The initial reaction to the article is one of surprise and disbelief. There is a certain audacity in stating that 19–26 cross-sectional imaging studies per neuroradiologist per day are associated with lower error rates. In the current practice environment, it seems impossible to imagine putting a specific number to it, or is it?
Have we been slowly conditioned to tackle increasing volumes across the years? How much of our ability to manage higher volumes is related to cutting corners, such as skipping the medical chart review, looking at fewer priors, scrolling faster, relying on trainee initial reads and reporting, worrying less about catching incidental findings, and taking a narrower approach informed by the clinical context rather than a comprehensive interpretation?
It may be good to have this number out there when it comes to negotiating for more FTEs. However, most practices find that there are currently not enough radiologists in the recruiting pool. Unable to hire up, we are becoming creative in tackling high clinical demands in other ways. The discussions I participated in listed several interventions, real and theoretic: Schedule shifts to match volumes, accept backlogs, shut down scanners/decrease outpatient imaging volumes to match radiologist reading capacity, allow radiologists to stay within certain limits (hours of work, work relative value units), call backup readers to jump in for an hourly fee, further increase radiologists’ efficiency by eliminating noninterpretive tasks and “efficiency rounding,” and reduce the number of images in a study.

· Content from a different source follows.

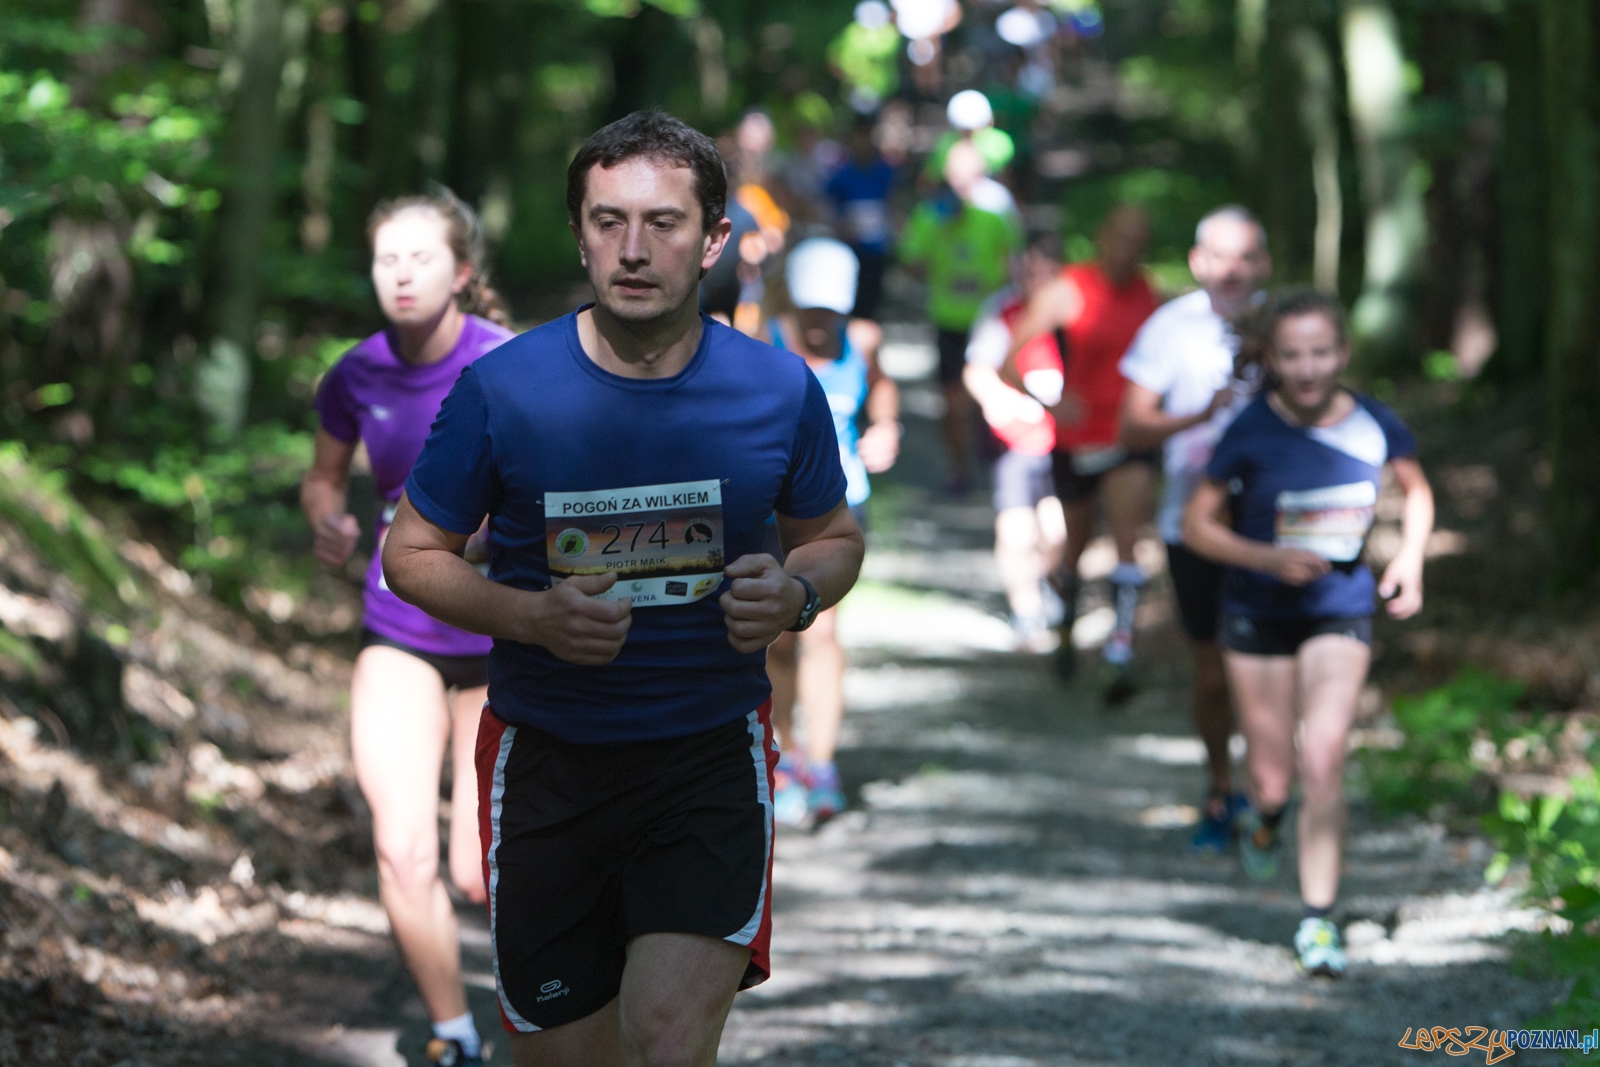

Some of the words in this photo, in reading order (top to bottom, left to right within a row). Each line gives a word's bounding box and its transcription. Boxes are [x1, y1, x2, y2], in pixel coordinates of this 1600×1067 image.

Most important, we need to make up our own rules and approaches within our practices or larger organizations. Regulators have no business regulating how we serve our patients, and the American College of Radiology has no interest in prescribing volume caps for radiologists. If errors become a costly issue, payors and malpractice insurers may develop an opinion, but there is no evidence of this issue now. Maybe the use of radiology-pathology correlations, second reads, or future artificial intelligence (AI) applications can help us get data that inform our true error rates in radiology and the impact those errors have on our patients.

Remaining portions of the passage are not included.